### Task details
When you repeat the entries below, keep each word exactly as it is and drop the pictures.

### Provided records
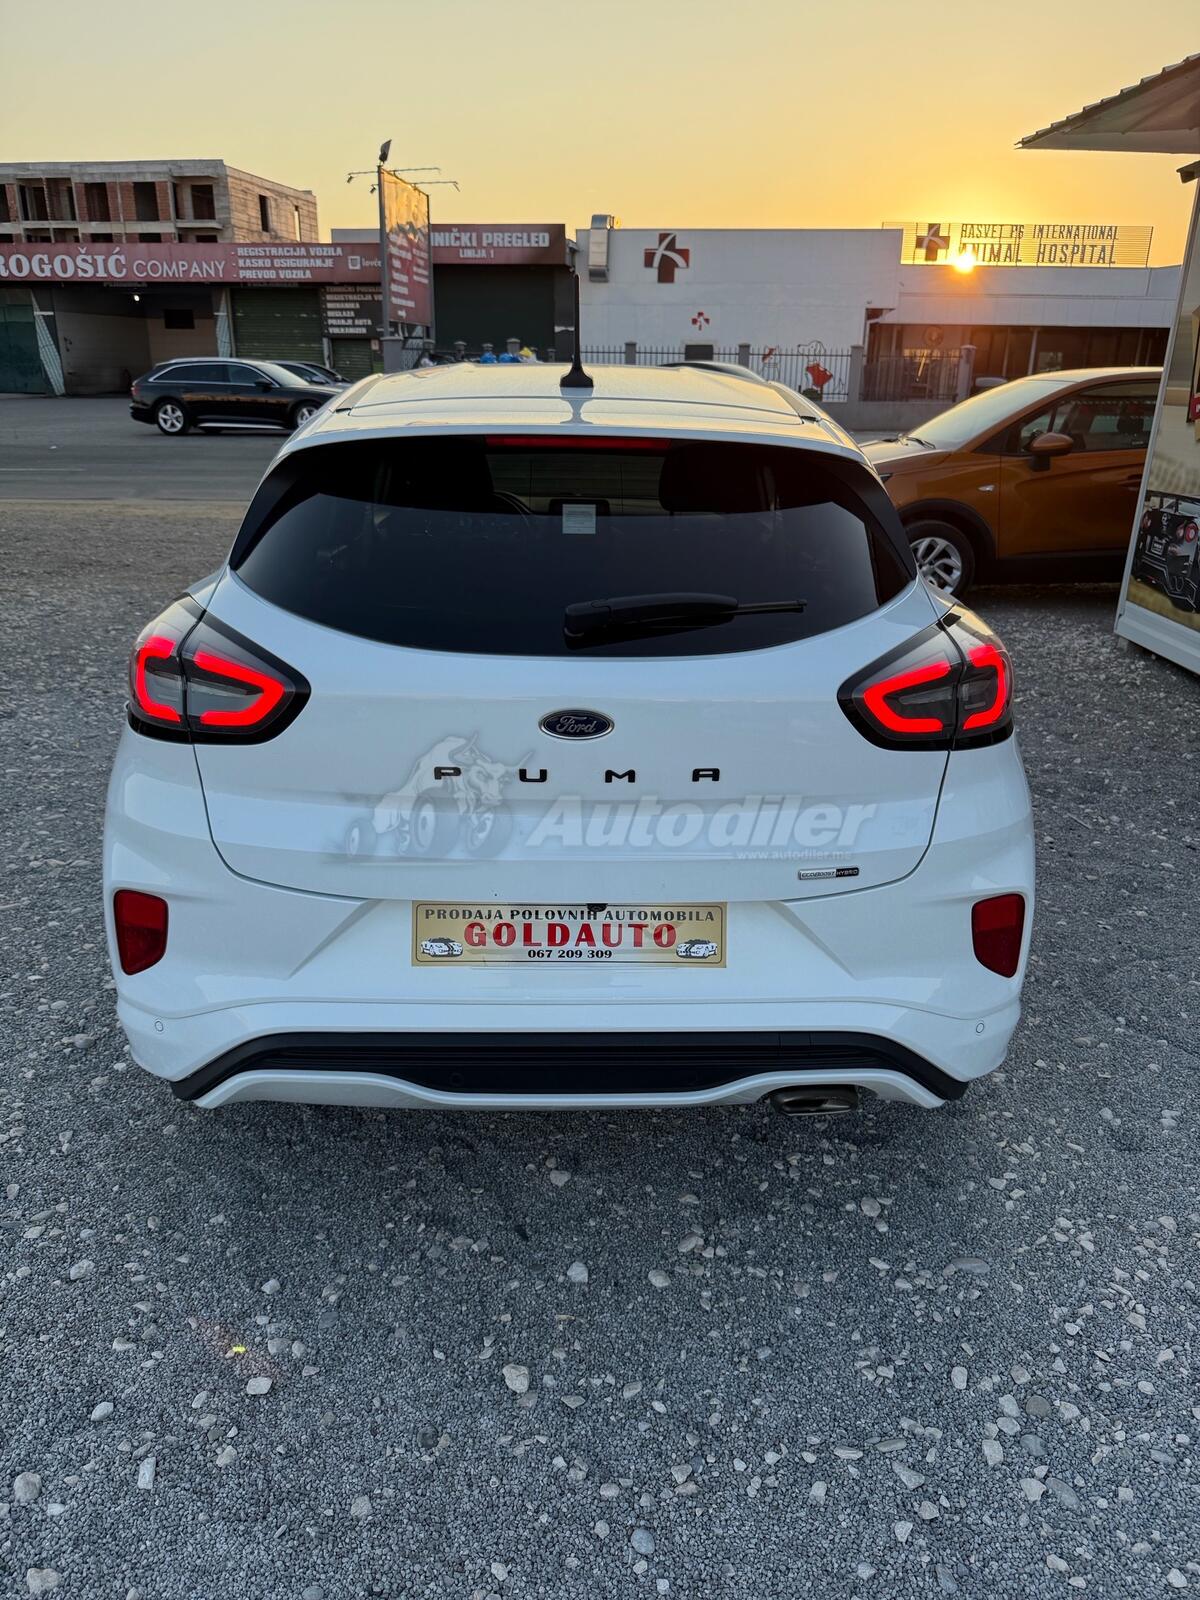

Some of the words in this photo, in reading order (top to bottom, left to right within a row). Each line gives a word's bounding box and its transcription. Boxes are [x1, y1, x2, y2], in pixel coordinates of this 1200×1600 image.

[482, 232, 550, 247] PREGLED
[1032, 224, 1118, 240] INTERNATIONAL
[237, 247, 306, 256] REGISTRACIJA
[309, 247, 343, 257] VOZILA
[459, 249, 487, 258] LINIJA
[1036, 244, 1116, 264] HOSPITAL
[133, 260, 225, 278] COMPANY
[238, 259, 271, 268] KASKO
[274, 259, 334, 268] OSIGURANJE
[279, 270, 312, 279] VOZILA
[556, 715, 597, 733] Ford
[433, 766, 721, 784] PUMA
[424, 909, 504, 921] PRODAJA
[510, 909, 598, 921] POLOVNIH
[603, 910, 715, 922] AUTOMOBILA
[463, 921, 678, 948] GOLDAUTO
[527, 949, 553, 959] 067
[557, 949, 583, 959] 209
[587, 949, 613, 959] 309

### Solution for this exercise
Some of the words in this photo, in reading order (top to bottom, left to right within a row). Each line gives a word's bounding box and its transcription. Boxes are [x1, y1, x2, y2], in pixel coordinates of this 1200×1600 image.

[482, 232, 550, 247] PREGLED
[1032, 224, 1118, 240] INTERNATIONAL
[237, 247, 306, 256] REGISTRACIJA
[309, 247, 343, 257] VOZILA
[459, 249, 487, 258] LINIJA
[1036, 244, 1116, 264] HOSPITAL
[133, 260, 225, 278] COMPANY
[238, 259, 271, 268] KASKO
[274, 259, 334, 268] OSIGURANJE
[279, 270, 312, 279] VOZILA
[556, 715, 597, 733] Ford
[433, 766, 721, 784] PUMA
[424, 909, 504, 921] PRODAJA
[510, 909, 598, 921] POLOVNIH
[603, 910, 715, 922] AUTOMOBILA
[463, 921, 678, 948] GOLDAUTO
[527, 949, 553, 959] 067
[557, 949, 583, 959] 209
[587, 949, 613, 959] 309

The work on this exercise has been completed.